** DATA EXTRACTS follows **

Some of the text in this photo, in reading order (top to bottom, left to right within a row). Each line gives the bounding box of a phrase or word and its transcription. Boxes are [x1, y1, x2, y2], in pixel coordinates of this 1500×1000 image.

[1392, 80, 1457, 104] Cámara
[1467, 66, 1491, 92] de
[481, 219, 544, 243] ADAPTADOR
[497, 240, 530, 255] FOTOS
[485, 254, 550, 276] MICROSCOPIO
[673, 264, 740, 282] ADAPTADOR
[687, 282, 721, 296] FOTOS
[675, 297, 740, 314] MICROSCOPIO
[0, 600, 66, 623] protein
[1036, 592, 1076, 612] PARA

** End of DATA EXTRACTS **

# EXERCISE
Restate the data in full so that no line differs from the original.

# ANSWER SECTION
Some of the text in this photo, in reading order (top to bottom, left to right within a row). Each line gives the bounding box of a phrase or word and its transcription. Boxes are [x1, y1, x2, y2], in pixel coordinates of this 1500×1000 image.

[1392, 80, 1457, 104] Cámara
[1467, 66, 1491, 92] de
[481, 219, 544, 243] ADAPTADOR
[497, 240, 530, 255] FOTOS
[485, 254, 550, 276] MICROSCOPIO
[673, 264, 740, 282] ADAPTADOR
[687, 282, 721, 296] FOTOS
[675, 297, 740, 314] MICROSCOPIO
[0, 600, 66, 623] protein
[1036, 592, 1076, 612] PARA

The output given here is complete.